Data for this task Start Marker

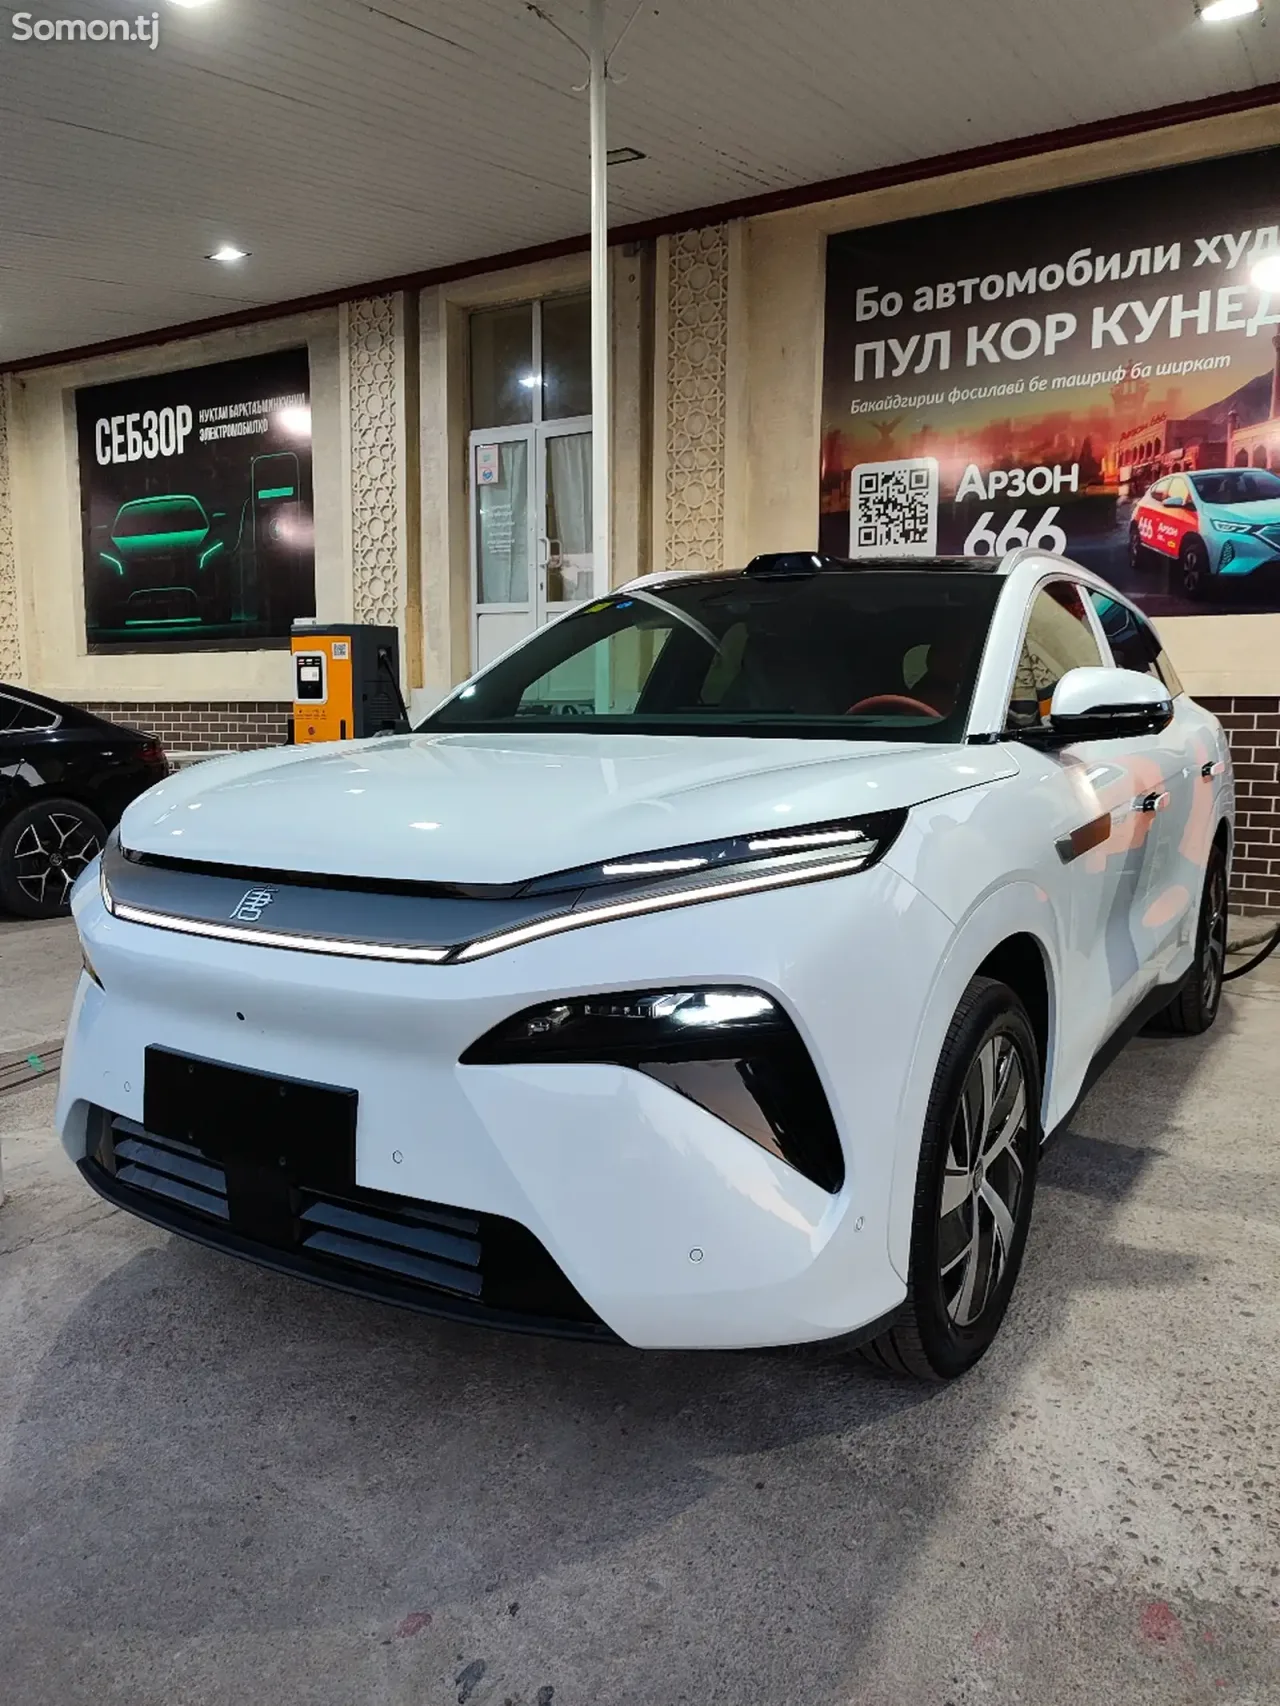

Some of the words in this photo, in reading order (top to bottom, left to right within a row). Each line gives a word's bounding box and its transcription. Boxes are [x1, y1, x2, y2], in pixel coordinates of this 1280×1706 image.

[855, 285, 904, 322] Бо
[912, 241, 1182, 313] автомобили
[854, 330, 951, 382] ПУЛ
[965, 312, 1077, 367] КОР
[1028, 375, 1048, 393] бе
[1051, 364, 1127, 390] ташриф
[1130, 361, 1151, 379] ба
[1155, 354, 1231, 376] ширкат
[95, 404, 193, 466] СЕБЗОР
[963, 506, 1067, 557] 666
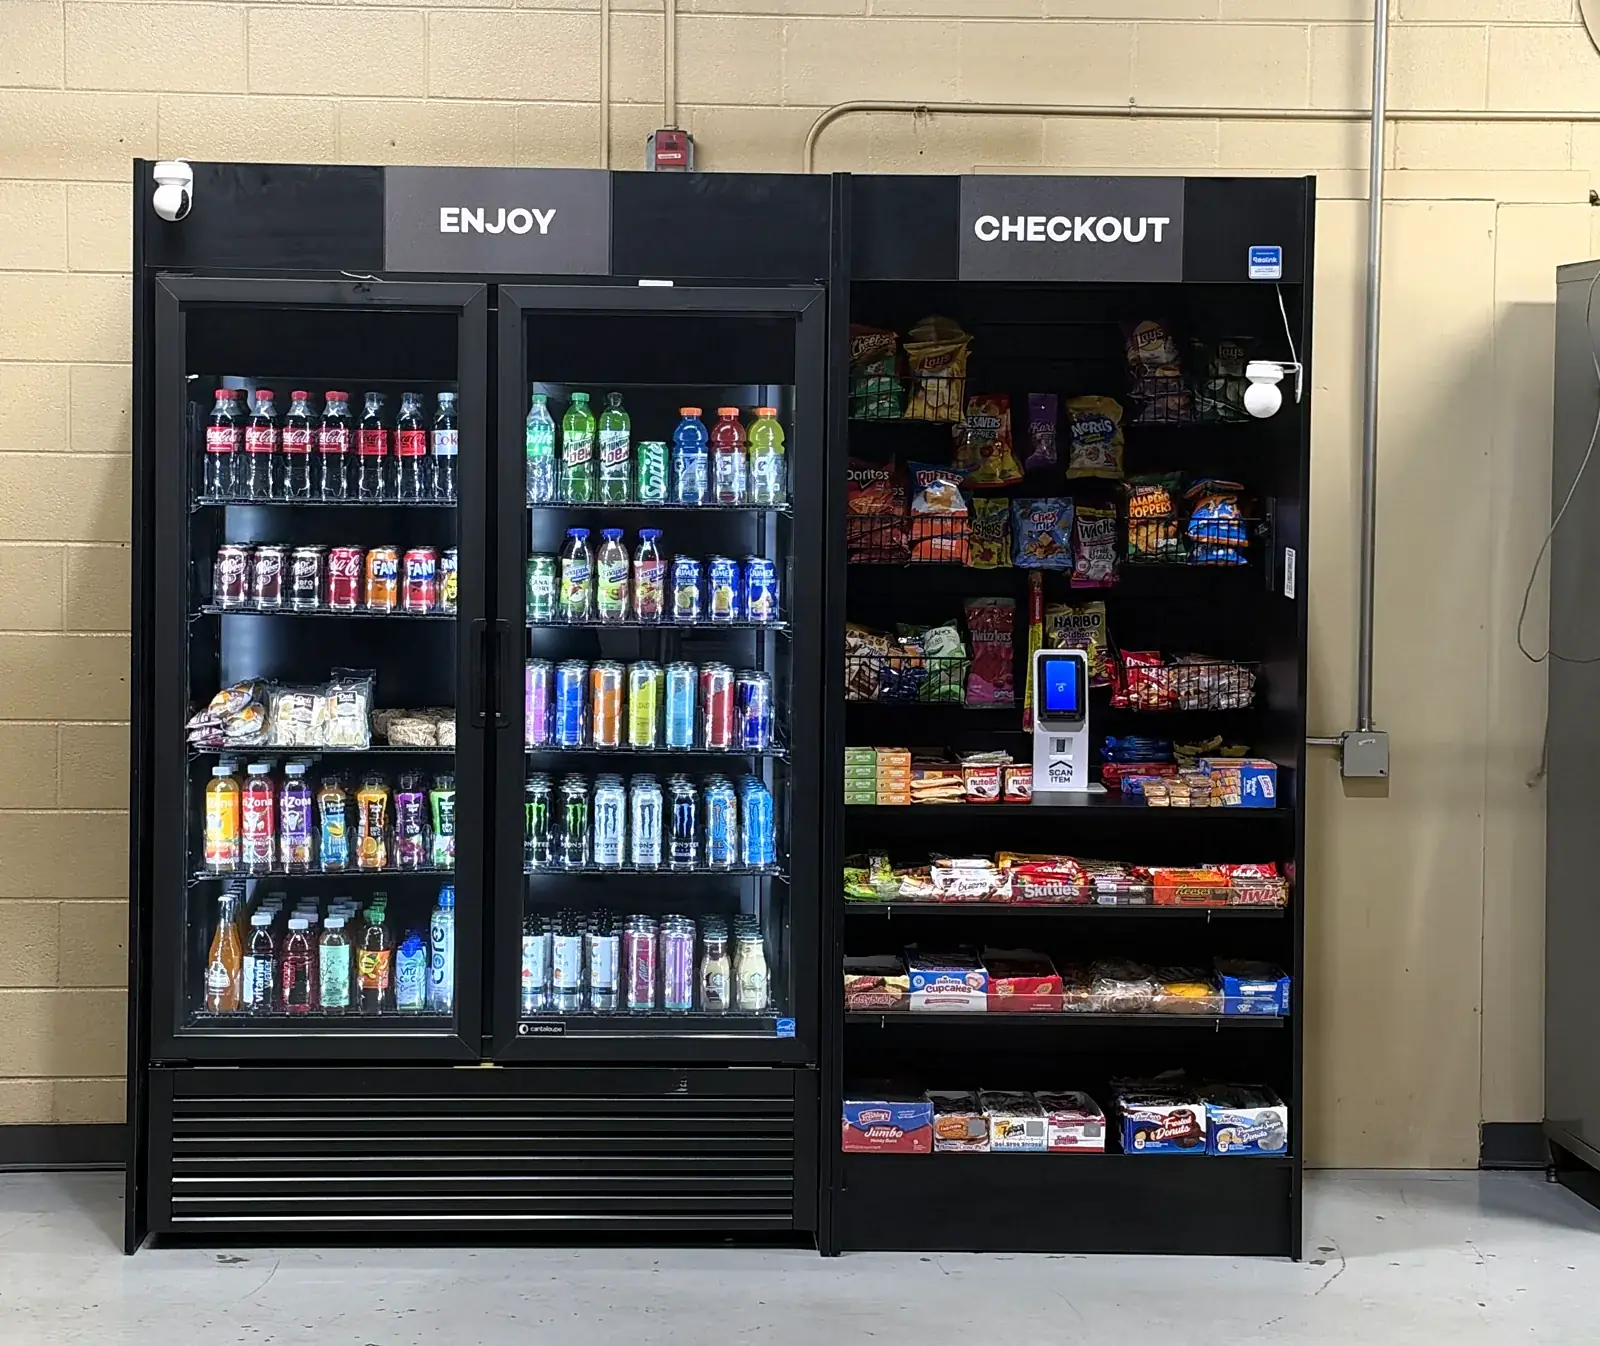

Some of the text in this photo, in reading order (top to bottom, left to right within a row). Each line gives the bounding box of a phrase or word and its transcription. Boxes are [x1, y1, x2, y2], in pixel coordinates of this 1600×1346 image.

[440, 207, 557, 235] ENJOY
[973, 214, 1171, 243] CHECKOUT
[851, 334, 893, 360] Cheetos
[434, 432, 458, 446] Cok
[646, 443, 663, 499] Sprite
[847, 468, 890, 481] Doritos
[1129, 501, 1172, 518] POPPERS
[1053, 614, 1101, 628] HARIBO
[1057, 629, 1100, 639] Goldbears
[1048, 768, 1073, 777] SCAN
[970, 777, 997, 786] nutella
[957, 881, 987, 892] bueno
[1023, 882, 1080, 898] Skittles
[253, 959, 265, 1003] vitamin
[937, 978, 961, 986] Hostess
[925, 984, 972, 995] Cupcakes
[1162, 1115, 1192, 1130] Frosted
[864, 1126, 903, 1138] Jumbo
[1155, 1125, 1191, 1140] Donuts
[1243, 1130, 1268, 1143] Donuts
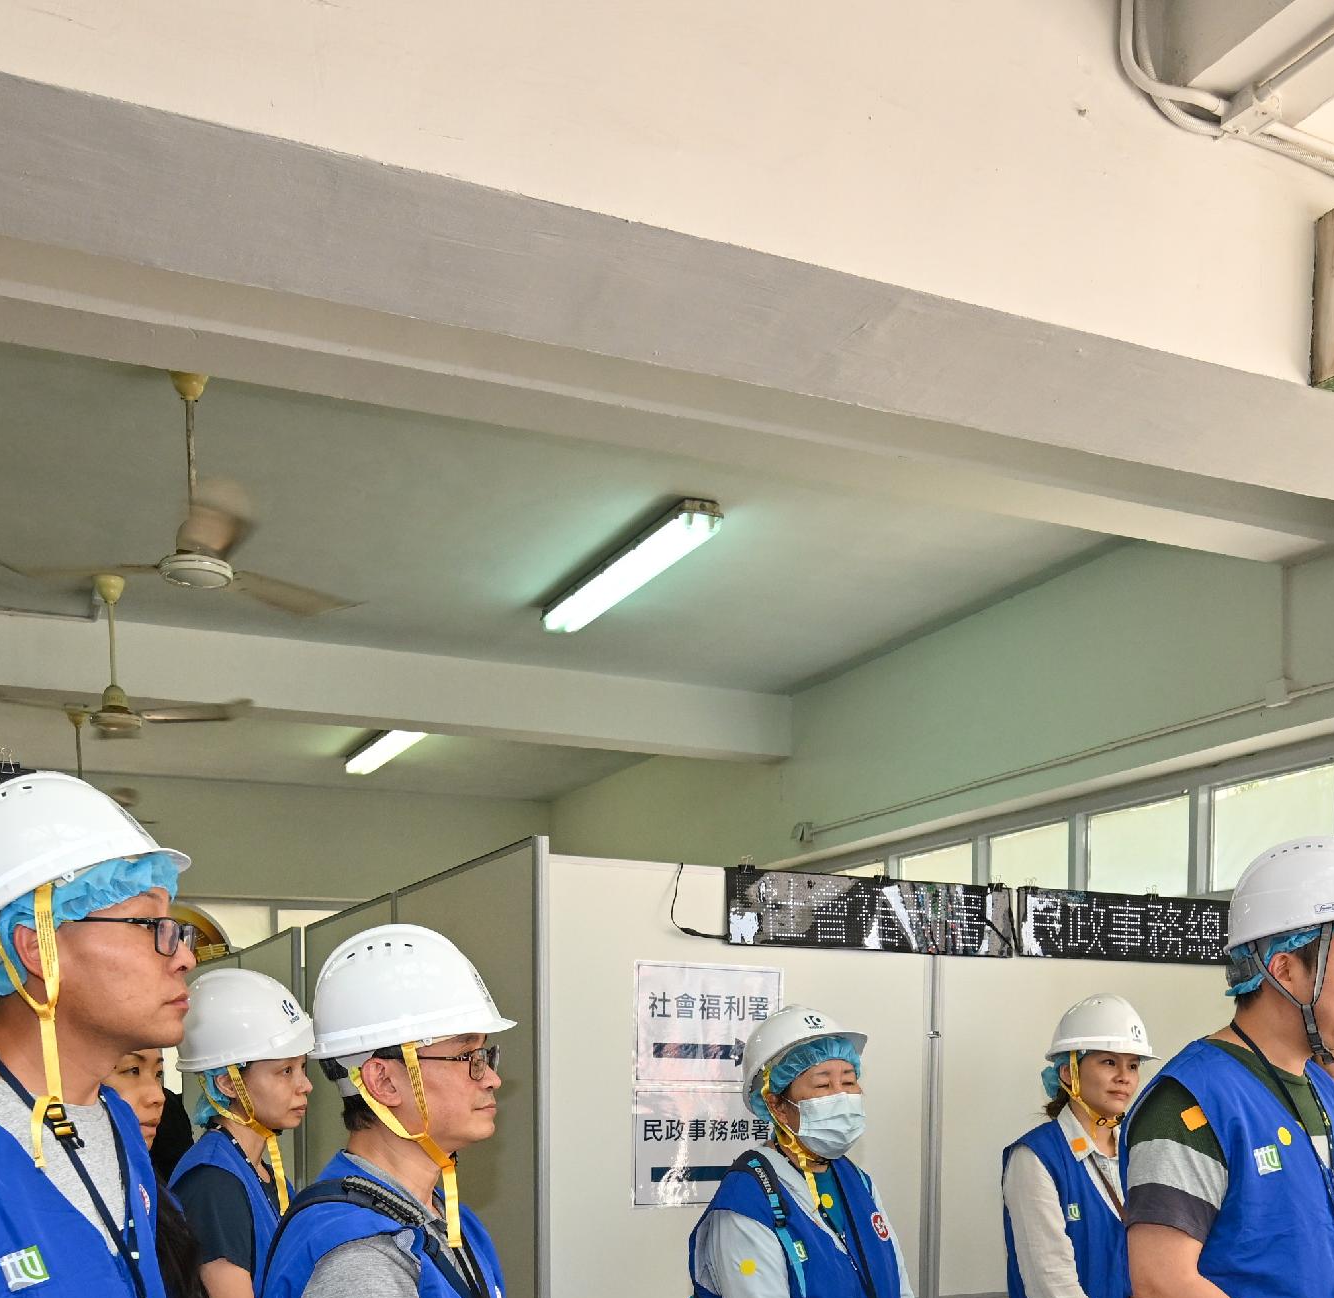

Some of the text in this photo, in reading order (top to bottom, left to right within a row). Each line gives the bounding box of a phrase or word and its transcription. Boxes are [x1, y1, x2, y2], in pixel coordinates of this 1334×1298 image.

[1031, 896, 1229, 960] 民政事務總
[648, 991, 769, 1021] 社會福利署
[643, 1118, 771, 1142] 民政事務總署

Data for this task End Marker

Each line above must be set down exactly, though no picture should be carried over.

Solution to this task:
Some of the words in this photo, in reading order (top to bottom, left to right within a row). Each line gives a word's bounding box and its transcription. Boxes are [x1, y1, x2, y2], in pixel coordinates of this 1280×1706 image.

[855, 285, 904, 322] Бо
[912, 241, 1182, 313] автомобили
[854, 330, 951, 382] ПУЛ
[965, 312, 1077, 367] КОР
[1028, 375, 1048, 393] бе
[1051, 364, 1127, 390] ташриф
[1130, 361, 1151, 379] ба
[1155, 354, 1231, 376] ширкат
[95, 404, 193, 466] СЕБЗОР
[963, 506, 1067, 557] 666

Some of the text in this photo, in reading order (top to bottom, left to right within a row). Each line gives the bounding box of a phrase or word and its transcription. Boxes are [x1, y1, x2, y2], in pixel coordinates of this 1600×1346 image.

[440, 207, 557, 235] ENJOY
[973, 214, 1171, 243] CHECKOUT
[851, 334, 893, 360] Cheetos
[434, 432, 458, 446] Cok
[646, 443, 663, 499] Sprite
[847, 468, 890, 481] Doritos
[1129, 501, 1172, 518] POPPERS
[1053, 614, 1101, 628] HARIBO
[1057, 629, 1100, 639] Goldbears
[1048, 768, 1073, 777] SCAN
[970, 777, 997, 786] nutella
[957, 881, 987, 892] bueno
[1023, 882, 1080, 898] Skittles
[253, 959, 265, 1003] vitamin
[937, 978, 961, 986] Hostess
[925, 984, 972, 995] Cupcakes
[1162, 1115, 1192, 1130] Frosted
[864, 1126, 903, 1138] Jumbo
[1155, 1125, 1191, 1140] Donuts
[1243, 1130, 1268, 1143] Donuts

Some of the text in this photo, in reading order (top to bottom, left to right within a row). Each line gives the bounding box of a phrase or word and its transcription. Boxes are [x1, y1, x2, y2], in pixel coordinates of this 1334×1298 image.

[1031, 896, 1229, 960] 民政事務總
[648, 991, 769, 1021] 社會福利署
[643, 1118, 771, 1142] 民政事務總署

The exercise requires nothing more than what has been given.